§ WHAT IS NEEDED
Would you write the data out once more, exactly as it is?

(Free-text object descriptions)
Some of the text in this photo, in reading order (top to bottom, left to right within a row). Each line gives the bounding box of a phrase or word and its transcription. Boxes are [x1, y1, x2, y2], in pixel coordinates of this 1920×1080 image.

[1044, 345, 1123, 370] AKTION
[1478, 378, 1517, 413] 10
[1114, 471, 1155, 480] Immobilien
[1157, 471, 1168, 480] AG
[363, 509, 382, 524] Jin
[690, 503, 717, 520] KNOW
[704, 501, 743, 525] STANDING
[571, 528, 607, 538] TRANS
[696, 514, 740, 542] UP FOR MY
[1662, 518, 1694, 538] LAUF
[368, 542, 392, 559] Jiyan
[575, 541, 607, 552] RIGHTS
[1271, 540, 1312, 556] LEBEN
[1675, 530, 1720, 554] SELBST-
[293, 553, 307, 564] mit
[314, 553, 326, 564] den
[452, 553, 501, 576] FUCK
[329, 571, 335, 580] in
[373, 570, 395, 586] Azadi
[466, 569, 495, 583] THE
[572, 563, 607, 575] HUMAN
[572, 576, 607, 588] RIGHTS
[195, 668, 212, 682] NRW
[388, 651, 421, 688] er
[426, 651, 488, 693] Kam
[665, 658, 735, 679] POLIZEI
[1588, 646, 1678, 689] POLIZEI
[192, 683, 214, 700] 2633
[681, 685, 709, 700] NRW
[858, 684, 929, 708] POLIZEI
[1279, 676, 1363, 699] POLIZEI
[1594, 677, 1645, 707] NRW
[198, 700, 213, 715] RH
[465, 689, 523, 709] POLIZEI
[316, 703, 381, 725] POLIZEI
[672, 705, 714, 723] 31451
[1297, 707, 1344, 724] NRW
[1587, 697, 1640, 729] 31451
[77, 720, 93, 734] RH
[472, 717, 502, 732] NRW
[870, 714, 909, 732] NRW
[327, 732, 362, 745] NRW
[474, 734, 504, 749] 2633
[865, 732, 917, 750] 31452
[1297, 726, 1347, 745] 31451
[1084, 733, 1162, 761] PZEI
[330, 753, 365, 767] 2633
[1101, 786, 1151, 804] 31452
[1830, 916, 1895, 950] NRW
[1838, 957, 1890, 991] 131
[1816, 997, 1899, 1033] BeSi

§ TASK SOLUTION
Some of the text in this photo, in reading order (top to bottom, left to right within a row). Each line gives the bounding box of a phrase or word and its transcription. Boxes are [x1, y1, x2, y2], in pixel coordinates of this 1920×1080 image.

[1044, 345, 1123, 370] AKTION
[1478, 378, 1517, 413] 10
[1114, 471, 1155, 480] Immobilien
[1157, 471, 1168, 480] AG
[363, 509, 382, 524] Jin
[690, 503, 717, 520] KNOW
[704, 501, 743, 525] STANDING
[571, 528, 607, 538] TRANS
[696, 514, 740, 542] UP FOR MY
[1662, 518, 1694, 538] LAUF
[368, 542, 392, 559] Jiyan
[575, 541, 607, 552] RIGHTS
[1271, 540, 1312, 556] LEBEN
[1675, 530, 1720, 554] SELBST-
[293, 553, 307, 564] mit
[314, 553, 326, 564] den
[452, 553, 501, 576] FUCK
[329, 571, 335, 580] in
[373, 570, 395, 586] Azadi
[466, 569, 495, 583] THE
[572, 563, 607, 575] HUMAN
[572, 576, 607, 588] RIGHTS
[195, 668, 212, 682] NRW
[388, 651, 421, 688] er
[426, 651, 488, 693] Kam
[665, 658, 735, 679] POLIZEI
[1588, 646, 1678, 689] POLIZEI
[192, 683, 214, 700] 2633
[681, 685, 709, 700] NRW
[858, 684, 929, 708] POLIZEI
[1279, 676, 1363, 699] POLIZEI
[1594, 677, 1645, 707] NRW
[198, 700, 213, 715] RH
[465, 689, 523, 709] POLIZEI
[316, 703, 381, 725] POLIZEI
[672, 705, 714, 723] 31451
[1297, 707, 1344, 724] NRW
[1587, 697, 1640, 729] 31451
[77, 720, 93, 734] RH
[472, 717, 502, 732] NRW
[870, 714, 909, 732] NRW
[327, 732, 362, 745] NRW
[474, 734, 504, 749] 2633
[865, 732, 917, 750] 31452
[1297, 726, 1347, 745] 31451
[1084, 733, 1162, 761] PZEI
[330, 753, 365, 767] 2633
[1101, 786, 1151, 804] 31452
[1830, 916, 1895, 950] NRW
[1838, 957, 1890, 991] 131
[1816, 997, 1899, 1033] BeSi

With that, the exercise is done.